I need the records below retyped exactly.

Spatial localization data:
------------------------------------

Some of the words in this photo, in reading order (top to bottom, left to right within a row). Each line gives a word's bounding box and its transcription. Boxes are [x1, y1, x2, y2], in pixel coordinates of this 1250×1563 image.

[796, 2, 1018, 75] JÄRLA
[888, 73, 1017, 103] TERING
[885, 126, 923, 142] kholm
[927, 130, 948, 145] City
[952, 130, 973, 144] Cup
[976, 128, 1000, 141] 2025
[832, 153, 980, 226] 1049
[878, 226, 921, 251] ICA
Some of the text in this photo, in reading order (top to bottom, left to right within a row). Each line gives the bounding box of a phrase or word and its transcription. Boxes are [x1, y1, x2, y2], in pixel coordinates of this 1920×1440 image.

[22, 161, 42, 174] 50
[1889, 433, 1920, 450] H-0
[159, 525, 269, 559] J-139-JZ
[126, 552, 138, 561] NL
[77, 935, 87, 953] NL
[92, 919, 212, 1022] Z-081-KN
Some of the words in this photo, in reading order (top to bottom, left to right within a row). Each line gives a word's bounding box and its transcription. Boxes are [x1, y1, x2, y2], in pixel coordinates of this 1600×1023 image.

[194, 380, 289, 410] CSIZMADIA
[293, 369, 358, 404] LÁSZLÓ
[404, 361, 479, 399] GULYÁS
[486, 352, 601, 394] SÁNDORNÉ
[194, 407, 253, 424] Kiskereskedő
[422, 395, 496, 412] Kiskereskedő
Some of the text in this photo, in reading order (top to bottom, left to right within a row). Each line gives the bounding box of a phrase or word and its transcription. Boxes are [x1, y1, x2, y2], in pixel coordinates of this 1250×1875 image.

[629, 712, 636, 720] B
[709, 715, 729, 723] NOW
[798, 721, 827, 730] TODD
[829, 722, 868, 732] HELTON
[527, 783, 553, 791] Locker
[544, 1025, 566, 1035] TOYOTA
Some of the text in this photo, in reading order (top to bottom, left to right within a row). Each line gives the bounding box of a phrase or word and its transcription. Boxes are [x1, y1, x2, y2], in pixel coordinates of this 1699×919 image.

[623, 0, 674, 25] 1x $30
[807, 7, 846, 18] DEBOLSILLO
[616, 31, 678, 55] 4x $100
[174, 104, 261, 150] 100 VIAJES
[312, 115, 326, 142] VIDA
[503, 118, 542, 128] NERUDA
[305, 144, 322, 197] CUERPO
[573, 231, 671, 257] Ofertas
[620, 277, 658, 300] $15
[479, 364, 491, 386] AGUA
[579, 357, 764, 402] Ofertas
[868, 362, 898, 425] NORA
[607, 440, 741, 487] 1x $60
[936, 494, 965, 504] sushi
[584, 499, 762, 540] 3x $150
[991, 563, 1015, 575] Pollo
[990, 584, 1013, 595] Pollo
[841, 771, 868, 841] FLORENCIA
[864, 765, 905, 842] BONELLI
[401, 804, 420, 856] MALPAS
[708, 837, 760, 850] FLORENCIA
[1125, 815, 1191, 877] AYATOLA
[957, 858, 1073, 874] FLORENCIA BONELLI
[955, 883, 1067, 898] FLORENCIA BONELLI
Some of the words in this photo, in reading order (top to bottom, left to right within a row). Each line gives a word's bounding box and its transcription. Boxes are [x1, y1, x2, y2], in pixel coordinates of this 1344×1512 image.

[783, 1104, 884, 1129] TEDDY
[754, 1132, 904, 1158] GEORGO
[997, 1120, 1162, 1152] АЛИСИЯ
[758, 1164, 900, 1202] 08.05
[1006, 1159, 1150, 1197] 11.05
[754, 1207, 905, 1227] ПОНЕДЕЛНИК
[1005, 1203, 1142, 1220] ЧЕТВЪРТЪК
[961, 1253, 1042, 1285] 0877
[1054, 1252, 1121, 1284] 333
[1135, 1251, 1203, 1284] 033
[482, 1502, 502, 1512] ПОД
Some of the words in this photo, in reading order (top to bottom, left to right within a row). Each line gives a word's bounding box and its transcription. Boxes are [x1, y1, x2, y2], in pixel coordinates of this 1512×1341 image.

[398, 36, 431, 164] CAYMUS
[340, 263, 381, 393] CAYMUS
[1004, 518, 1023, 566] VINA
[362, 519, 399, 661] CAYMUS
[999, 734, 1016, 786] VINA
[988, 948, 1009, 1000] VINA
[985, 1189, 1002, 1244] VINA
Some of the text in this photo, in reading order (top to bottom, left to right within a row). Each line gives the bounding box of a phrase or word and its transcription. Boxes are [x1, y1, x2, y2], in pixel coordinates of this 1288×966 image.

------------------------------------

■ RESPONSE TO THE EXERCISE ■
Some of the words in this photo, in reading order (top to bottom, left to right within a row). Each line gives a word's bounding box and its transcription. Boxes are [x1, y1, x2, y2], in pixel coordinates of this 1250×1563 image.

[796, 2, 1018, 75] JÄRLA
[888, 73, 1017, 103] TERING
[885, 126, 923, 142] kholm
[927, 130, 948, 145] City
[952, 130, 973, 144] Cup
[976, 128, 1000, 141] 2025
[832, 153, 980, 226] 1049
[878, 226, 921, 251] ICA
Some of the text in this photo, in reading order (top to bottom, left to right within a row). Each line gives the bounding box of a phrase or word and its transcription. Boxes are [x1, y1, x2, y2], in pixel coordinates of this 1920×1440 image.

[22, 161, 42, 174] 50
[1889, 433, 1920, 450] H-0
[159, 525, 269, 559] J-139-JZ
[126, 552, 138, 561] NL
[77, 935, 87, 953] NL
[92, 919, 212, 1022] Z-081-KN
Some of the words in this photo, in reading order (top to bottom, left to right within a row). Each line gives a word's bounding box and its transcription. Boxes are [x1, y1, x2, y2], in pixel coordinates of this 1600×1023 image.

[194, 380, 289, 410] CSIZMADIA
[293, 369, 358, 404] LÁSZLÓ
[404, 361, 479, 399] GULYÁS
[486, 352, 601, 394] SÁNDORNÉ
[194, 407, 253, 424] Kiskereskedő
[422, 395, 496, 412] Kiskereskedő
Some of the text in this photo, in reading order (top to bottom, left to right within a row). Each line gives the bounding box of a phrase or word and its transcription. Boxes are [x1, y1, x2, y2], in pixel coordinates of this 1250×1875 image.

[629, 712, 636, 720] B
[709, 715, 729, 723] NOW
[798, 721, 827, 730] TODD
[829, 722, 868, 732] HELTON
[527, 783, 553, 791] Locker
[544, 1025, 566, 1035] TOYOTA
Some of the text in this photo, in reading order (top to bottom, left to right within a row). Each line gives the bounding box of a phrase or word and its transcription. Boxes are [x1, y1, x2, y2], in pixel coordinates of this 1699×919 image.

[623, 0, 674, 25] 1x $30
[807, 7, 846, 18] DEBOLSILLO
[616, 31, 678, 55] 4x $100
[174, 104, 261, 150] 100 VIAJES
[312, 115, 326, 142] VIDA
[503, 118, 542, 128] NERUDA
[305, 144, 322, 197] CUERPO
[573, 231, 671, 257] Ofertas
[620, 277, 658, 300] $15
[479, 364, 491, 386] AGUA
[579, 357, 764, 402] Ofertas
[868, 362, 898, 425] NORA
[607, 440, 741, 487] 1x $60
[936, 494, 965, 504] sushi
[584, 499, 762, 540] 3x $150
[991, 563, 1015, 575] Pollo
[990, 584, 1013, 595] Pollo
[841, 771, 868, 841] FLORENCIA
[864, 765, 905, 842] BONELLI
[401, 804, 420, 856] MALPAS
[708, 837, 760, 850] FLORENCIA
[1125, 815, 1191, 877] AYATOLA
[957, 858, 1073, 874] FLORENCIA BONELLI
[955, 883, 1067, 898] FLORENCIA BONELLI
Some of the words in this photo, in reading order (top to bottom, left to right within a row). Each line gives a word's bounding box and its transcription. Boxes are [x1, y1, x2, y2], in pixel coordinates of this 1344×1512 image.

[783, 1104, 884, 1129] TEDDY
[754, 1132, 904, 1158] GEORGO
[997, 1120, 1162, 1152] АЛИСИЯ
[758, 1164, 900, 1202] 08.05
[1006, 1159, 1150, 1197] 11.05
[754, 1207, 905, 1227] ПОНЕДЕЛНИК
[1005, 1203, 1142, 1220] ЧЕТВЪРТЪК
[961, 1253, 1042, 1285] 0877
[1054, 1252, 1121, 1284] 333
[1135, 1251, 1203, 1284] 033
[482, 1502, 502, 1512] ПОД
Some of the words in this photo, in reading order (top to bottom, left to right within a row). Each line gives a word's bounding box and its transcription. Boxes are [x1, y1, x2, y2], in pixel coordinates of this 1512×1341 image.

[398, 36, 431, 164] CAYMUS
[340, 263, 381, 393] CAYMUS
[1004, 518, 1023, 566] VINA
[362, 519, 399, 661] CAYMUS
[999, 734, 1016, 786] VINA
[988, 948, 1009, 1000] VINA
[985, 1189, 1002, 1244] VINA
Some of the text in this photo, in reading order (top to bottom, left to right within a row). Each line gives the bounding box of a phrase or word and its transcription. Boxes are [x1, y1, x2, y2], in pixel coordinates of this 1288×966 image.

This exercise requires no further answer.